**WHAT IS NEEDED**
If an entry below contains an image, drop the image and retype the rest exactly.

**DATASET ENTRIES**

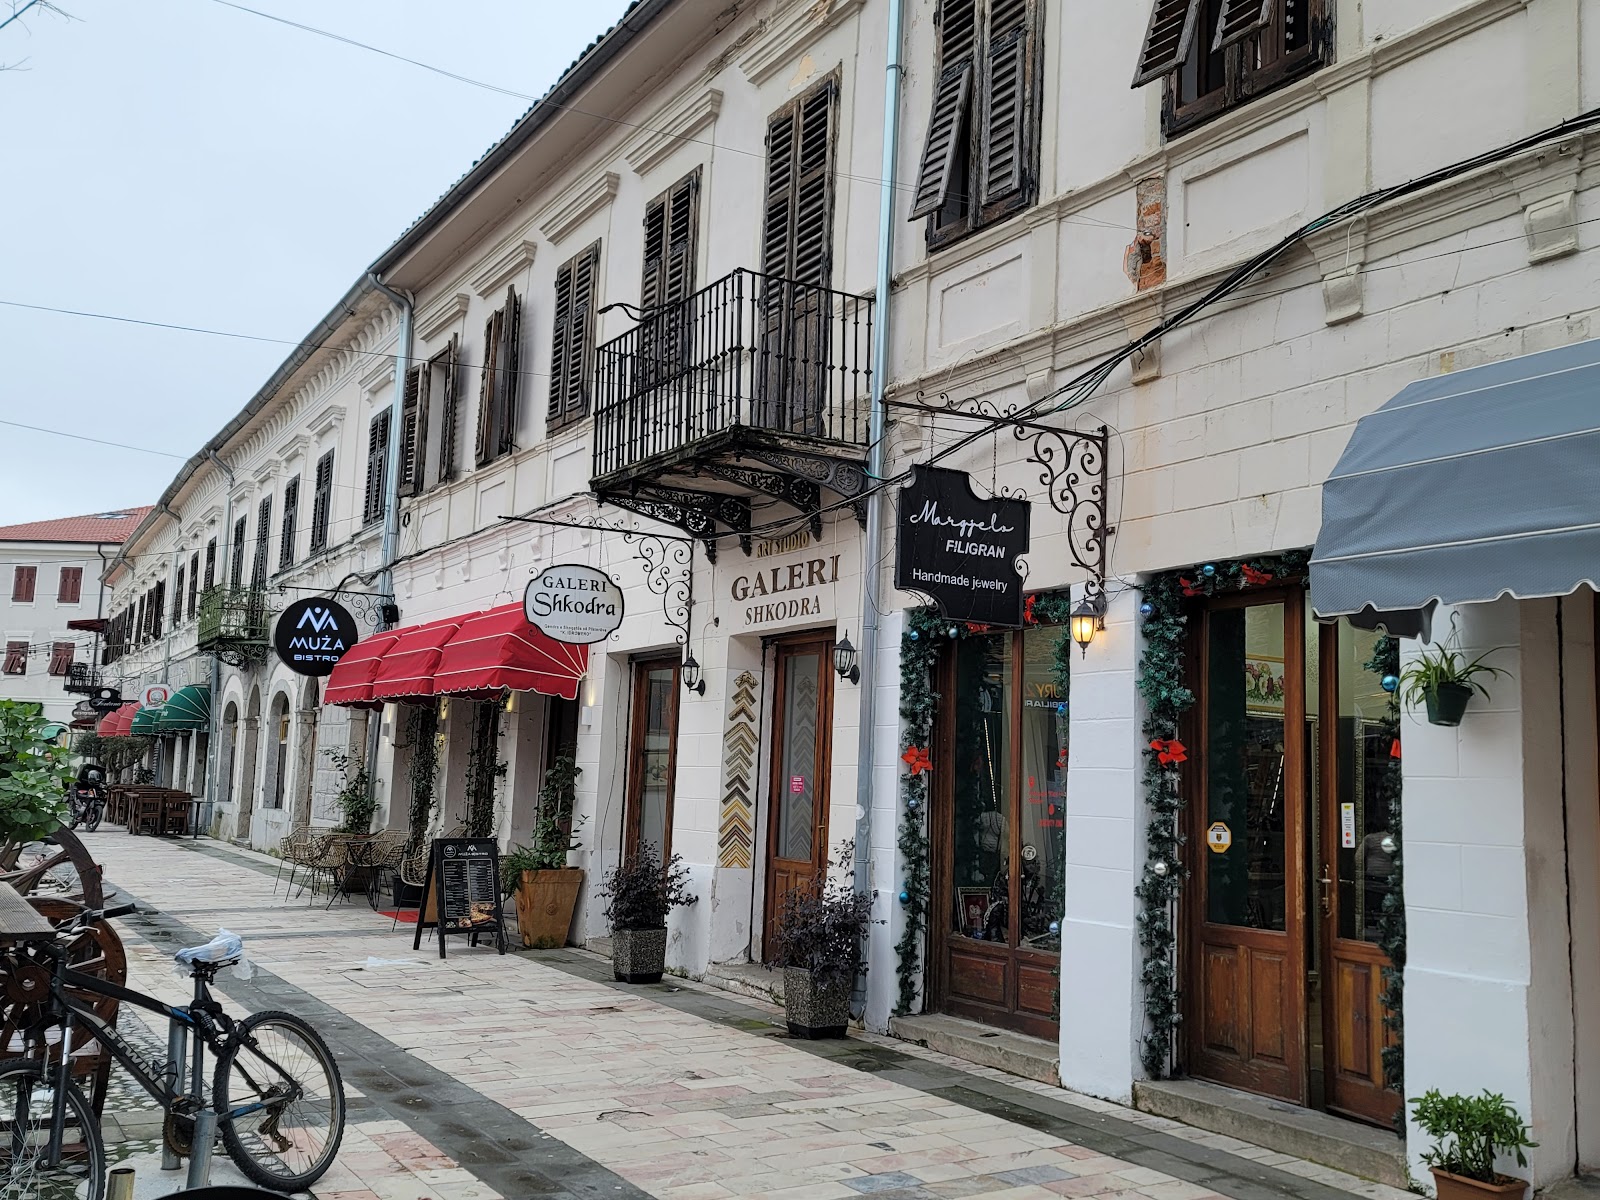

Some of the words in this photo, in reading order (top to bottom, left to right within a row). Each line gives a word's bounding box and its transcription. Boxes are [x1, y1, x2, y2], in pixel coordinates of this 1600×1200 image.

[757, 540, 772, 558] ART
[773, 531, 810, 554] STUDIO
[945, 539, 1005, 558] FILIGRAN
[542, 575, 607, 592] GALERI
[731, 554, 841, 602] GALERI
[912, 567, 970, 587] Handmade
[971, 576, 1008, 594] jewelry
[532, 592, 616, 617] Shkodra
[744, 595, 821, 626] SHKODRA
[288, 634, 345, 651] MUŻA
[293, 654, 339, 662] BISTRO
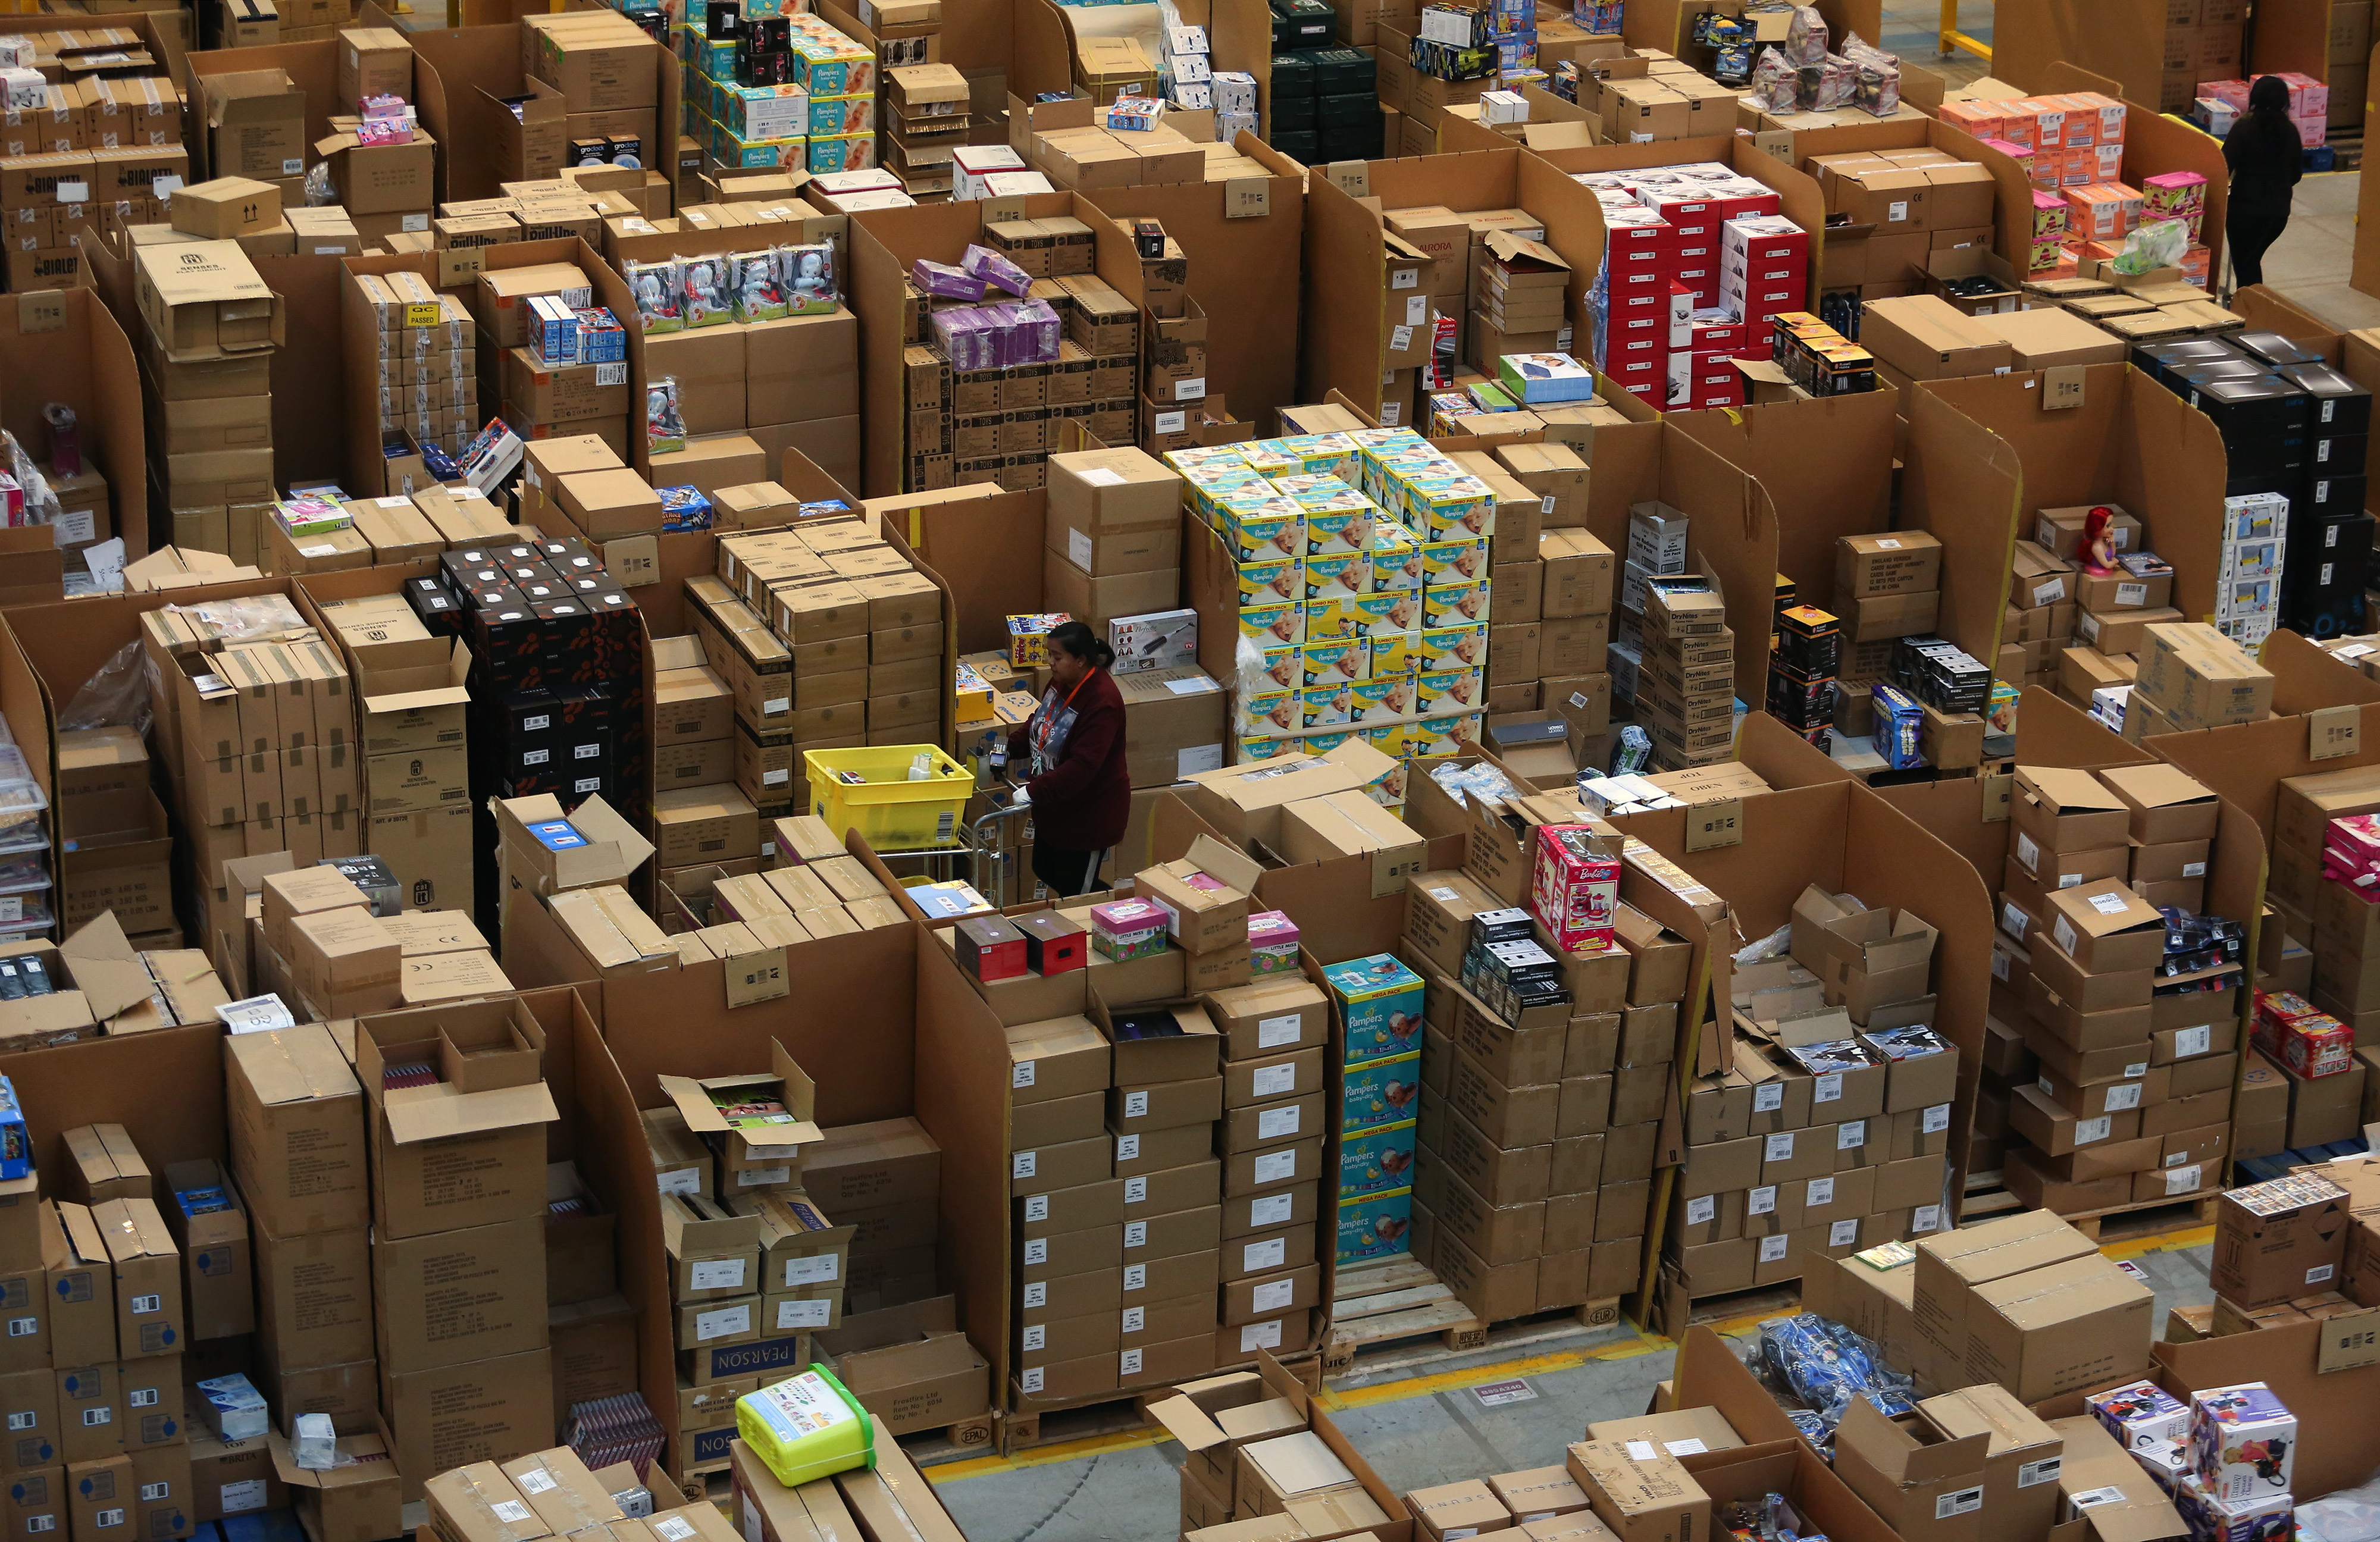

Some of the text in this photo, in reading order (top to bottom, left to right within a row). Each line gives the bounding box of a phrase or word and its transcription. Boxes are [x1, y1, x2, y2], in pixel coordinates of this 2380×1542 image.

[581, 145, 605, 154] groclock
[615, 142, 638, 152] groclock
[1255, 528, 1275, 537] Pampers
[643, 557, 650, 568] A1
[1253, 572, 1273, 581] Pampers
[1439, 595, 1460, 603] Pampers
[1688, 698, 1712, 707] DryNites
[1688, 726, 1712, 734] DryNites
[2345, 727, 2353, 738] A1
[1689, 757, 1712, 765] DryNites
[1727, 817, 1734, 828] A1
[1411, 862, 1420, 872] A1
[1580, 869, 1602, 879] Barbie
[770, 967, 779, 979] A1
[1349, 1013, 1383, 1030] Pampers
[1352, 1023, 1378, 1034] baby-dry
[1345, 1082, 1379, 1098] Pampers
[1349, 1092, 1374, 1103] baby-dry
[1341, 1150, 1374, 1167] Pampers
[1344, 1159, 1370, 1171] baby-dry
[1595, 1310, 1610, 1321] EUR
[2365, 1331, 2375, 1344] A1
[718, 1344, 790, 1370] PEARSON
[894, 1395, 923, 1406] Frostfire
[893, 1405, 908, 1414] Item
[893, 1412, 906, 1421] Qty
[965, 1430, 985, 1440] EPAL
[229, 1452, 256, 1463] BRITA
[1639, 1485, 1655, 1500] vtech

**YOUR SOLUTION**
Some of the words in this photo, in reading order (top to bottom, left to right within a row). Each line gives a word's bounding box and its transcription. Boxes are [x1, y1, x2, y2], in pixel coordinates of this 1600×1200 image.

[757, 540, 772, 558] ART
[773, 531, 810, 554] STUDIO
[945, 539, 1005, 558] FILIGRAN
[542, 575, 607, 592] GALERI
[731, 554, 841, 602] GALERI
[912, 567, 970, 587] Handmade
[971, 576, 1008, 594] jewelry
[532, 592, 616, 617] Shkodra
[744, 595, 821, 626] SHKODRA
[288, 634, 345, 651] MUŻA
[293, 654, 339, 662] BISTRO

Some of the text in this photo, in reading order (top to bottom, left to right within a row). Each line gives the bounding box of a phrase or word and its transcription. Boxes are [x1, y1, x2, y2], in pixel coordinates of this 2380×1542 image.

[581, 145, 605, 154] groclock
[615, 142, 638, 152] groclock
[1255, 528, 1275, 537] Pampers
[643, 557, 650, 568] A1
[1253, 572, 1273, 581] Pampers
[1439, 595, 1460, 603] Pampers
[1688, 698, 1712, 707] DryNites
[1688, 726, 1712, 734] DryNites
[2345, 727, 2353, 738] A1
[1689, 757, 1712, 765] DryNites
[1727, 817, 1734, 828] A1
[1411, 862, 1420, 872] A1
[1580, 869, 1602, 879] Barbie
[770, 967, 779, 979] A1
[1349, 1013, 1383, 1030] Pampers
[1352, 1023, 1378, 1034] baby-dry
[1345, 1082, 1379, 1098] Pampers
[1349, 1092, 1374, 1103] baby-dry
[1341, 1150, 1374, 1167] Pampers
[1344, 1159, 1370, 1171] baby-dry
[1595, 1310, 1610, 1321] EUR
[2365, 1331, 2375, 1344] A1
[718, 1344, 790, 1370] PEARSON
[894, 1395, 923, 1406] Frostfire
[893, 1405, 908, 1414] Item
[893, 1412, 906, 1421] Qty
[965, 1430, 985, 1440] EPAL
[229, 1452, 256, 1463] BRITA
[1639, 1485, 1655, 1500] vtech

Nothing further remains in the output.